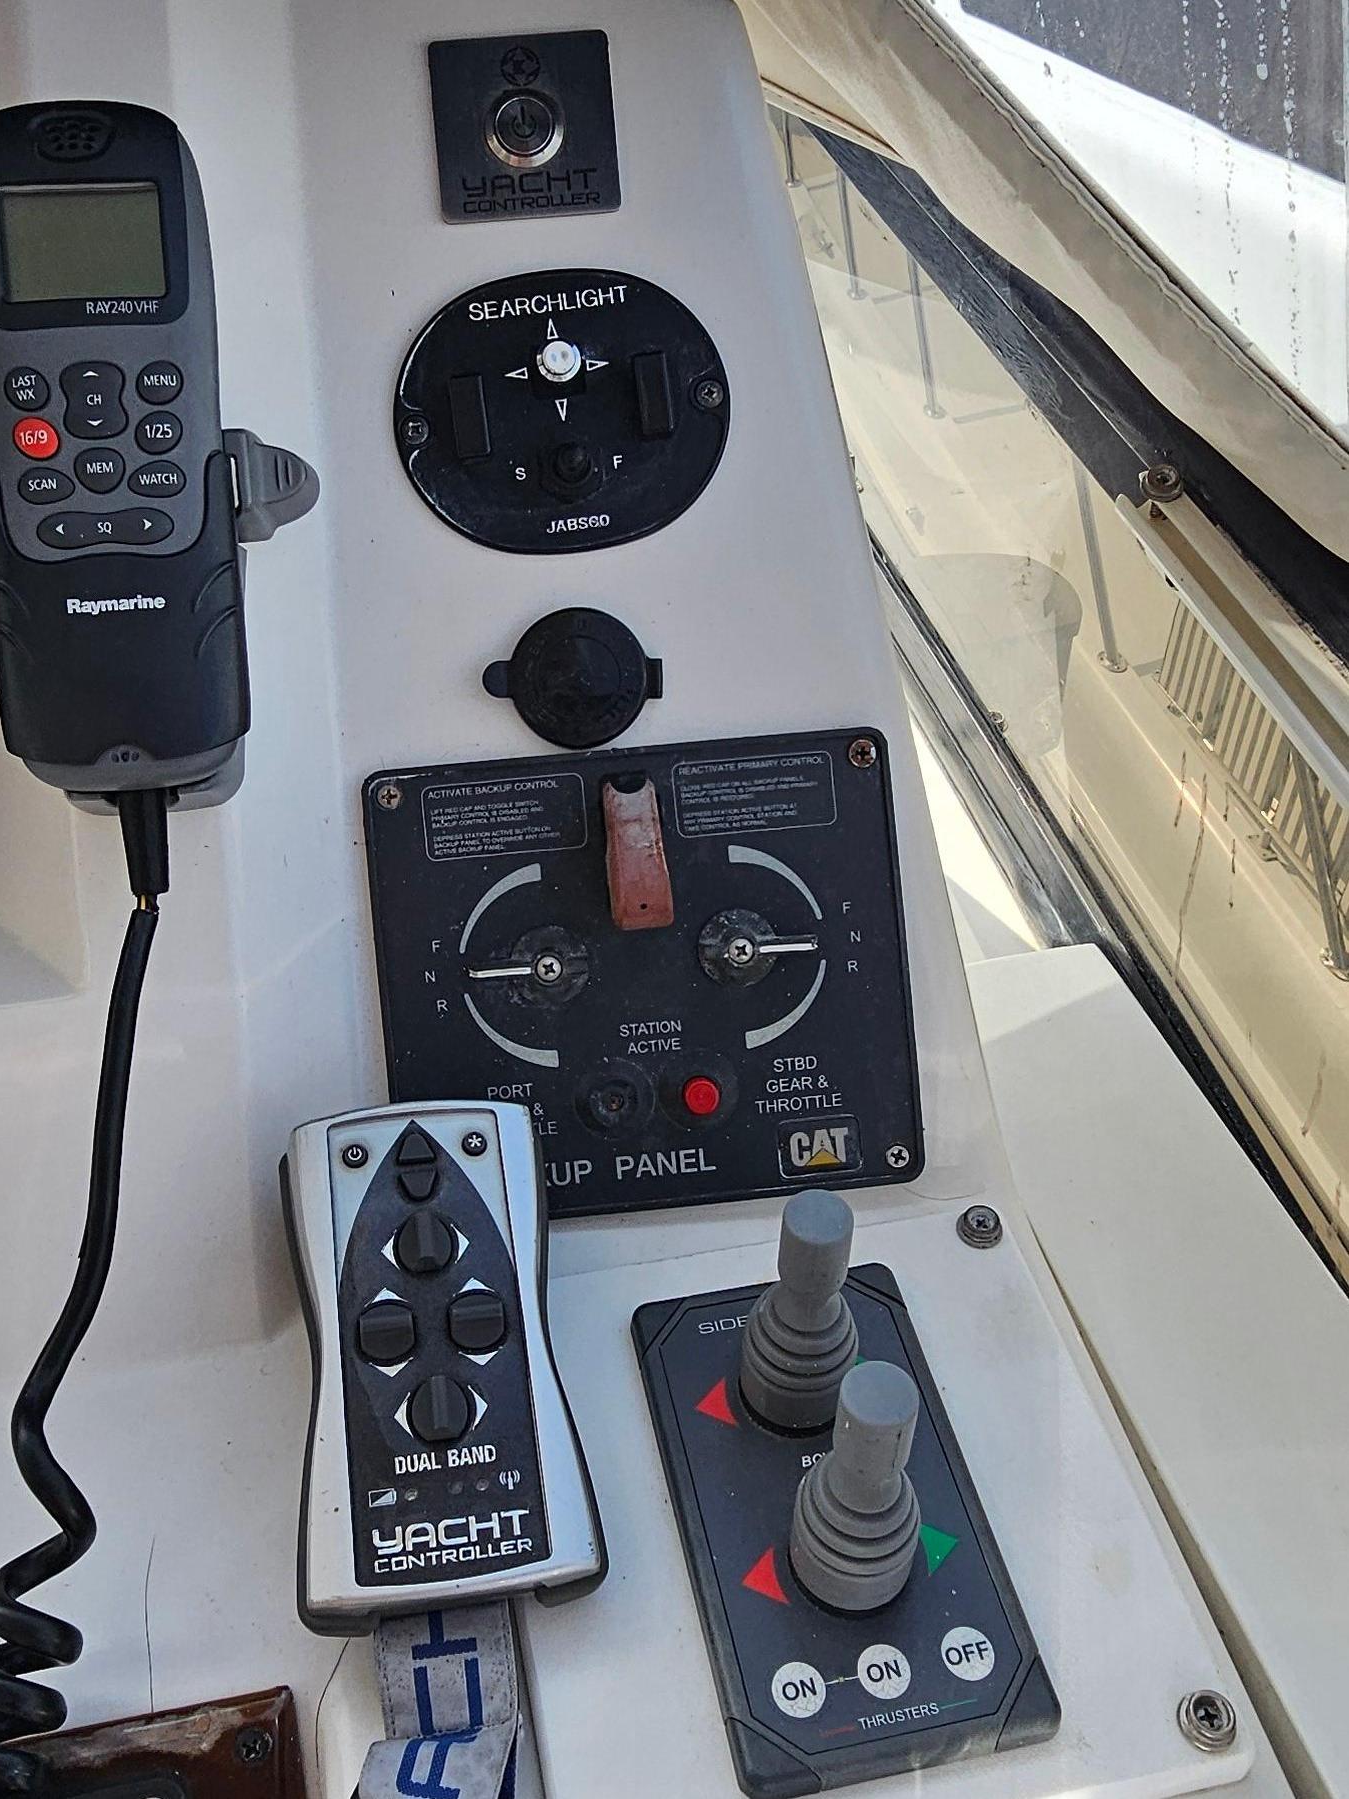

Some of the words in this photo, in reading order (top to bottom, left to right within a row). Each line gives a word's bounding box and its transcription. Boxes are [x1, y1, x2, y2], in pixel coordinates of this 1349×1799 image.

[462, 167, 597, 196] YACHT
[463, 191, 600, 213] CONTROLLER
[469, 285, 628, 321] SEARCHLIGHT
[12, 375, 36, 388] LAST
[144, 374, 177, 387] MENU
[17, 388, 36, 401] WX
[86, 393, 102, 406] CH
[19, 429, 48, 446] 16/9
[144, 423, 173, 440] 1/25
[86, 461, 114, 475] MEM
[613, 456, 623, 469] F
[139, 472, 178, 487] WATCH
[516, 467, 526, 481] S
[28, 477, 57, 492] SCAN
[97, 521, 113, 536] SQ
[67, 594, 166, 614] Raymarine
[780, 756, 825, 767] CONTROL
[428, 787, 473, 800] ACTIVATE
[474, 783, 512, 795] BACKUP
[514, 780, 559, 791] CONTROL
[843, 902, 852, 915] F
[851, 931, 861, 943] N
[432, 940, 441, 952] F
[848, 960, 858, 973] R
[425, 971, 436, 983] N
[436, 1000, 447, 1012] R
[619, 1020, 682, 1037] STATION
[628, 1037, 681, 1054] ACTIVE
[773, 1055, 817, 1072] STBD
[487, 1083, 533, 1100] PORT
[766, 1077, 812, 1093] GEAR
[818, 1075, 829, 1088] &
[755, 1093, 843, 1114] THROTTLE
[789, 1127, 849, 1167] CAT
[615, 1148, 717, 1180] PANEL
[395, 1451, 442, 1475] DUAL
[447, 1444, 497, 1467] BAND
[373, 1508, 530, 1555] YACHT
[374, 1537, 532, 1573] CONTROLLER
[945, 1640, 989, 1666] OFF
[866, 1659, 902, 1683] ON
[782, 1677, 817, 1701] ON
[857, 1702, 940, 1730] THRUSTERS
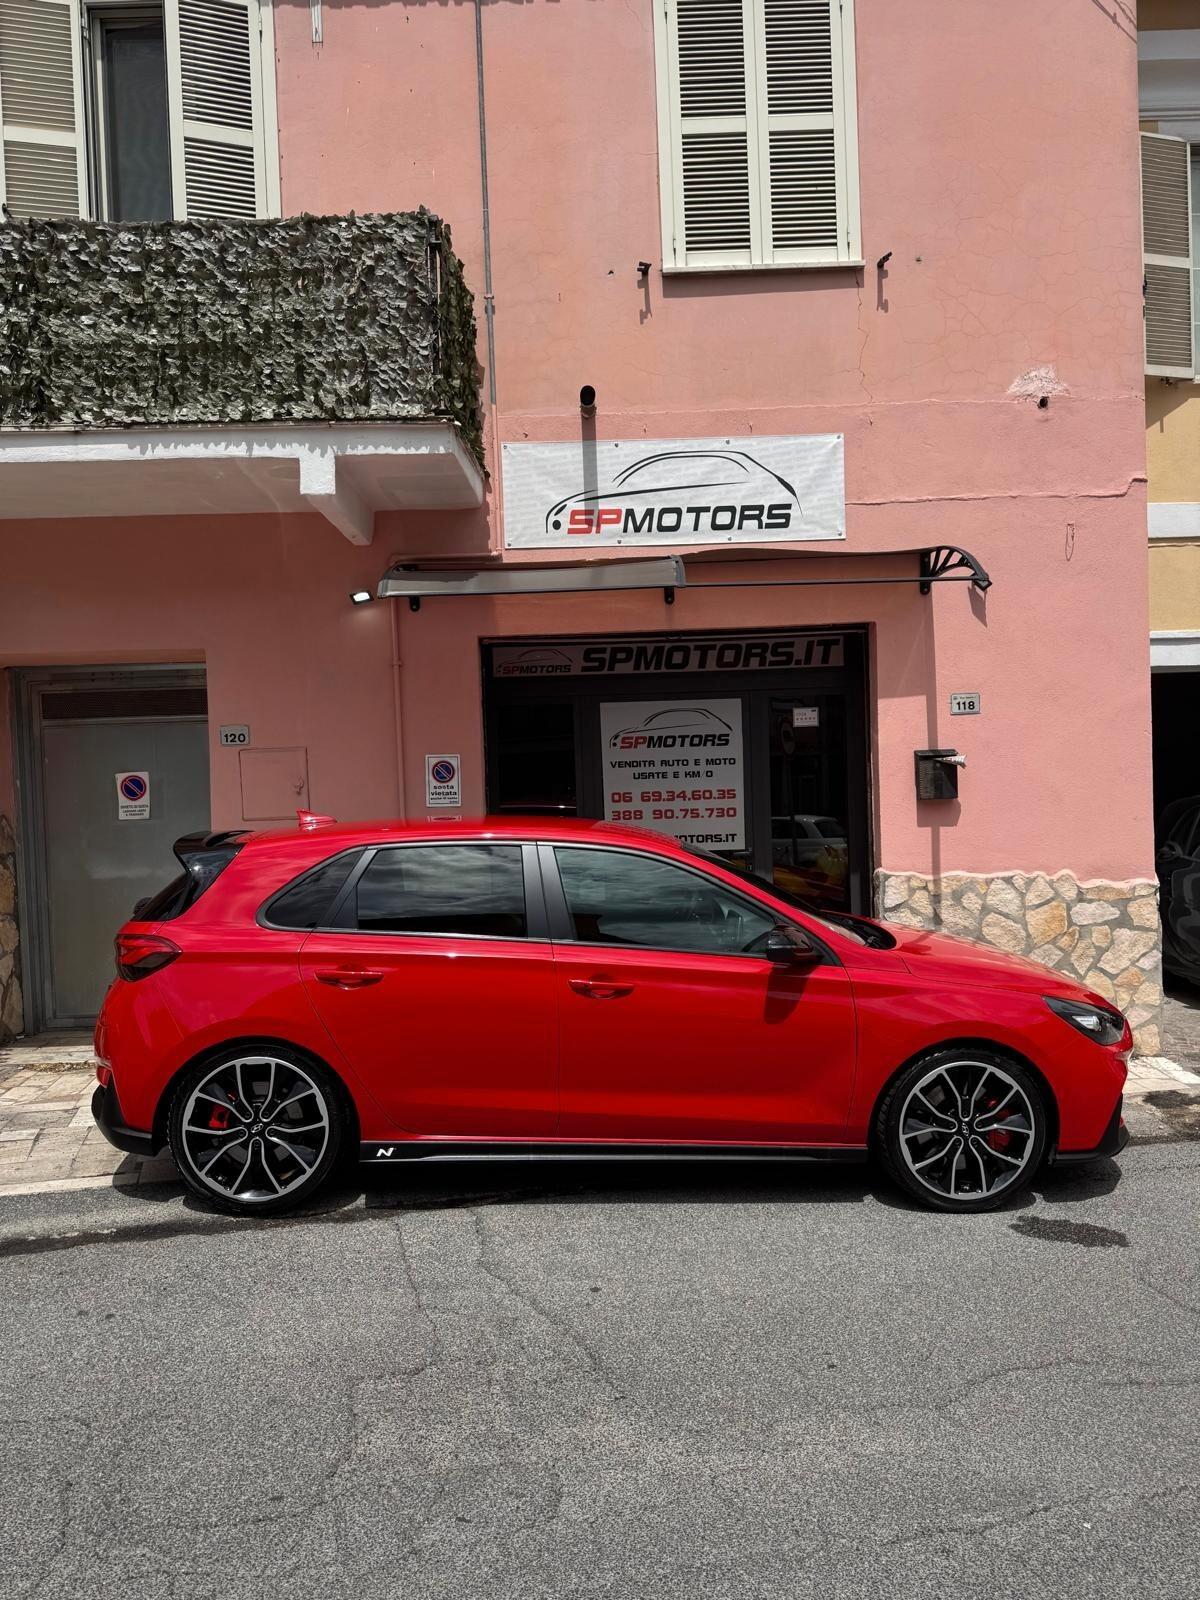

○ ○ ○

◆ Problem to work on
In your reply, every line of the material should appear exactly as written, and no picture should.

◆ Solved exercise
Some of the words in this photo, in reading order (top to bottom, left to right within a row). Each line gives a word's bounding box and its transcription. Boxes are [x1, y1, x2, y2], in pixel coordinates of this 1349×1799 image.

[462, 167, 597, 196] YACHT
[463, 191, 600, 213] CONTROLLER
[469, 285, 628, 321] SEARCHLIGHT
[12, 375, 36, 388] LAST
[144, 374, 177, 387] MENU
[17, 388, 36, 401] WX
[86, 393, 102, 406] CH
[19, 429, 48, 446] 16/9
[144, 423, 173, 440] 1/25
[86, 461, 114, 475] MEM
[613, 456, 623, 469] F
[139, 472, 178, 487] WATCH
[516, 467, 526, 481] S
[28, 477, 57, 492] SCAN
[97, 521, 113, 536] SQ
[67, 594, 166, 614] Raymarine
[780, 756, 825, 767] CONTROL
[428, 787, 473, 800] ACTIVATE
[474, 783, 512, 795] BACKUP
[514, 780, 559, 791] CONTROL
[843, 902, 852, 915] F
[851, 931, 861, 943] N
[432, 940, 441, 952] F
[848, 960, 858, 973] R
[425, 971, 436, 983] N
[436, 1000, 447, 1012] R
[619, 1020, 682, 1037] STATION
[628, 1037, 681, 1054] ACTIVE
[773, 1055, 817, 1072] STBD
[487, 1083, 533, 1100] PORT
[766, 1077, 812, 1093] GEAR
[818, 1075, 829, 1088] &
[755, 1093, 843, 1114] THROTTLE
[789, 1127, 849, 1167] CAT
[615, 1148, 717, 1180] PANEL
[395, 1451, 442, 1475] DUAL
[447, 1444, 497, 1467] BAND
[373, 1508, 530, 1555] YACHT
[374, 1537, 532, 1573] CONTROLLER
[945, 1640, 989, 1666] OFF
[866, 1659, 902, 1683] ON
[782, 1677, 817, 1701] ON
[857, 1702, 940, 1730] THRUSTERS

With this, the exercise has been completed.